> [ASSIGNMENT]:
A faithful repeat of all the records, with no image kept, is the required answer.

** DATASET EXCERPTS follows **

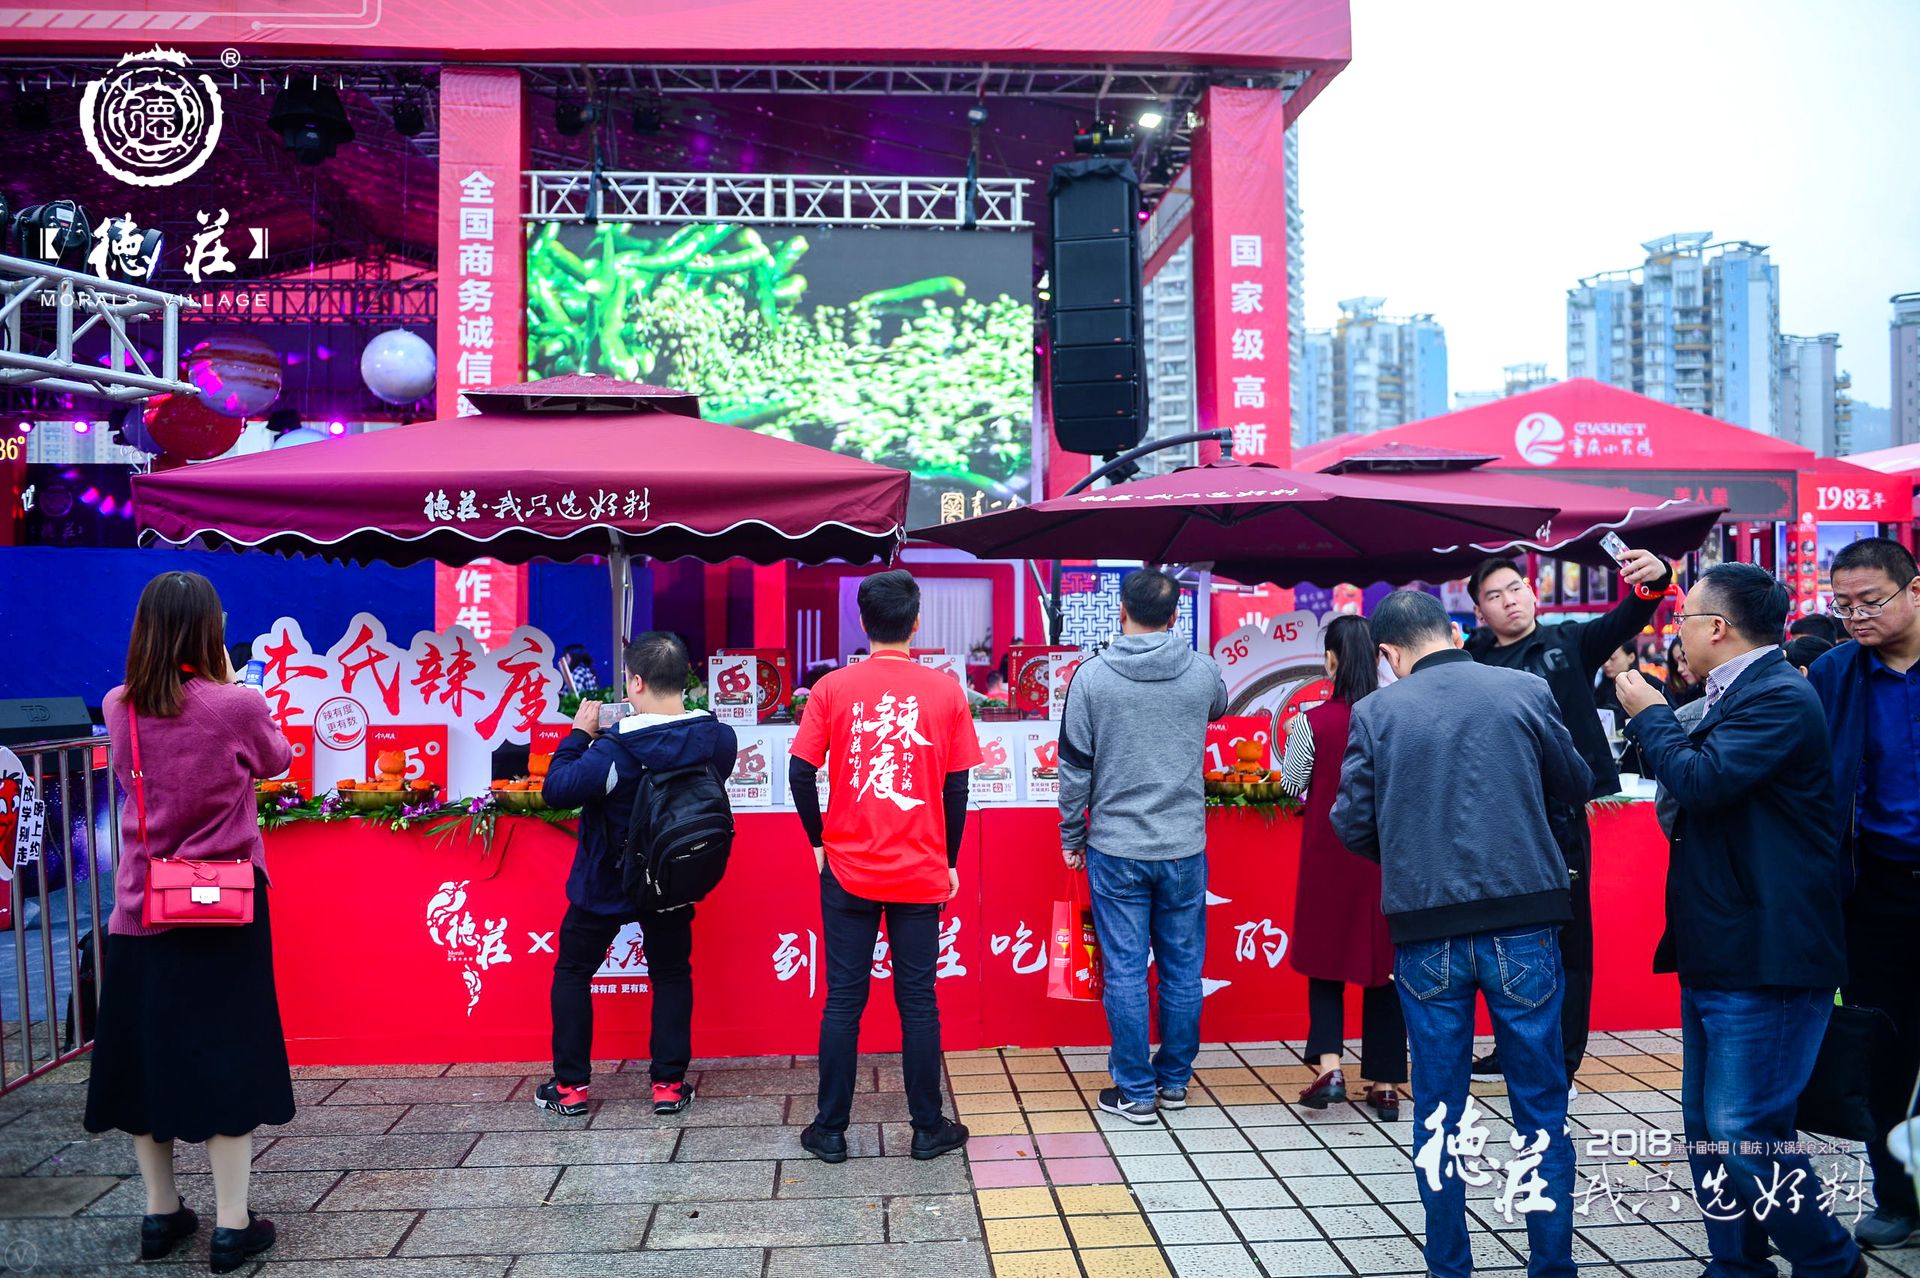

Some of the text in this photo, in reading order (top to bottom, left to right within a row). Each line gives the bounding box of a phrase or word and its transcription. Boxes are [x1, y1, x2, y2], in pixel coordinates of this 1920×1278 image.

[1221, 620, 1304, 666] 36° 45°
[17, 784, 35, 864] 放学别走
[30, 800, 45, 858] 晚上约
[621, 984, 648, 993] 更有数

** End of DATASET EXCERPTS **

> [TASK OUTPUT]:
Some of the text in this photo, in reading order (top to bottom, left to right within a row). Each line gives the bounding box of a phrase or word and its transcription. Boxes are [x1, y1, x2, y2], in pixel coordinates of this 1920×1278 image.

[1221, 620, 1304, 666] 36° 45°
[17, 784, 35, 864] 放学别走
[30, 800, 45, 858] 晚上约
[621, 984, 648, 993] 更有数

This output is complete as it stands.